米ARC社のNa冷却式SMR、カナダのベンダー設計審査で第1段階をクリア

2019年10月2日

©ARCニュークリア社

米国を本拠地とするアドバンスド・リアクター・コンセプツLLC(ARCニュークリア)社のカナダ法人「ARCニュークリア・カナダ社」は10月1日、第4世代のナトリウム冷却高速炉技術に基づいて開発中の先進的小型モジュール炉(SMR)「ARC-100」が、カナダ原子力安全委員会(CNSC)の提供する予備的設計評価サービス(ベンダー設計審査)の第1段階を首尾良く完了したと発表した。

同社のN.ソーヤーCEOはこれについて、「(「ARC-100」が生産する)低コストで信頼性の高い無炭素エネルギーを、カナダのみならず世界の市場に送り出すという当社ビジョンが具体的に大きく進展した」と明言。エネルギー部門で急成長中のSMR技術において、同社が真にリーダー的存在であることを、顧客となる可能性があるカナダのニューブランズウィック(NB)州その他の州政府、および世界中の市場に知らせる出来事だとした。
同CEOはまた、「風力や太陽光といった間欠性の再生可能エネルギーは、パリ協定などCO2排出量削減目標の達成において重要な役割を担うが、負荷追従能力を備えた当社の技術「ARC-100」であれば、安定したエネルギー供給によって、再生可能エネルギー源が世界のエネルギー需要を満たせるよう支援することができる」と説明。風が吹かず陽の照らない日であっても、病院や学校、各家庭および企業に対して安定的なエネルギー供給を約束すると述べた。

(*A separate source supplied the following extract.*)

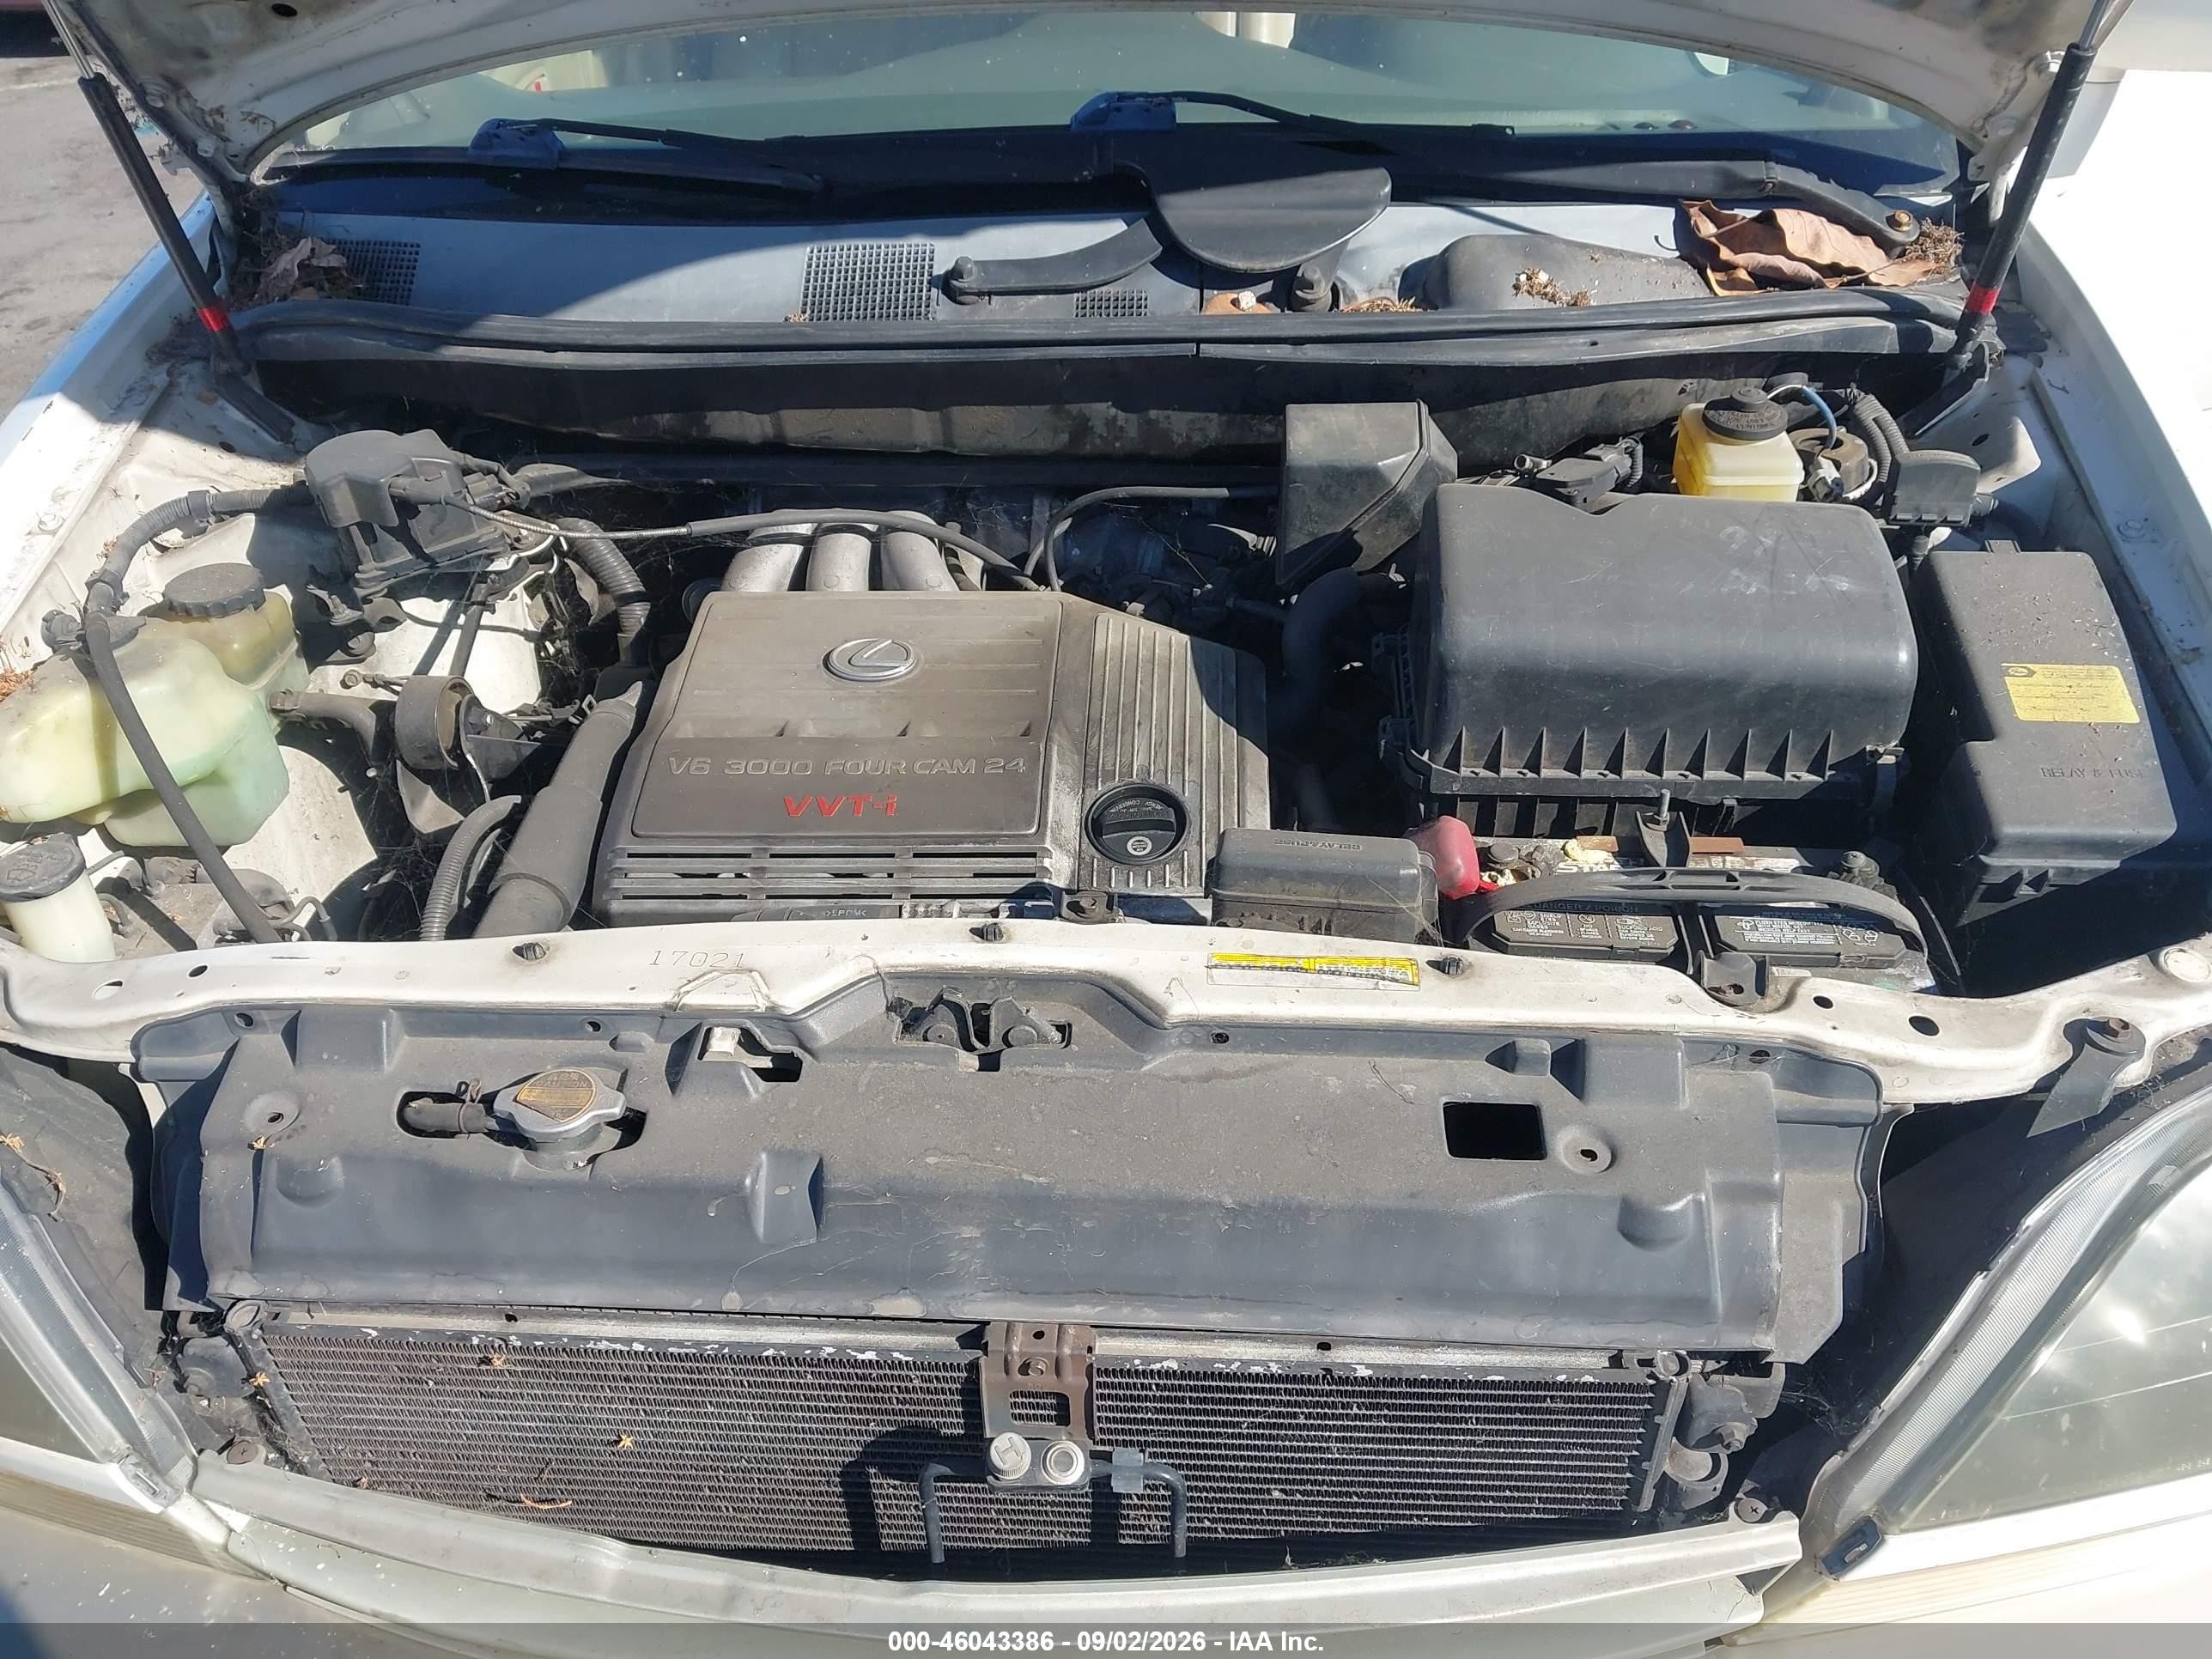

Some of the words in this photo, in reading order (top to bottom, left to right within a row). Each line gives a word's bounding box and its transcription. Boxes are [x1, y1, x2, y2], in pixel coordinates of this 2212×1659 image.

同審査はベンダーの要請により実施される任意の評価サービスで、事業者が建設許可等の申請を実際に行う前に、当該設計がカナダの規制要件を満たしているか評価。実際の要件に照らしたレベルの高い同審査を通じて、設計上の問題点などを早い段階でフィードバックすることが可能になる。審査は第3段階まであり、「ARC-100」のほかに米ホルテック・インターナショナル社のSMR設計や、テレストリアル・エナジー社の小型モジュール式・一体型溶融塩炉(IMSR)などが審査中となっている。

液体ナトリウムを冷却材に使用する「ARC-100」は、電気出力10万kW。発電に加えて、従来の大型炉が排出する使用済燃料など、放射性廃棄物をリサイクルできるという特長がある。また、燃料を補充せずに最長20年間稼働できるよう設計されているほか、固有の安全性も備えており、電源喪失事故が発生した場合でもメルト・ダウンは起こらないとしている。
ARCニュークリア社は「ARC-100」の許認可取得と建設に関して、すでに2017年8月、米国のGE日立・ニュクリアエナジー(GEH)社から協力合意を得ている。また、カナダNB州で同設計の商業化を進めるため、州内でポイントルプロー原子力発電所を所有する州営電力会社とも昨年7月、協力を決定。これにより、「ARC-100」実証炉を同発電所の敷地内で建設する可能性が高まったほか、NB州を「ARC-100」技術に基づく先進的SMR製品の中核的研究拠点や製造拠点とする道が拓けたとしている。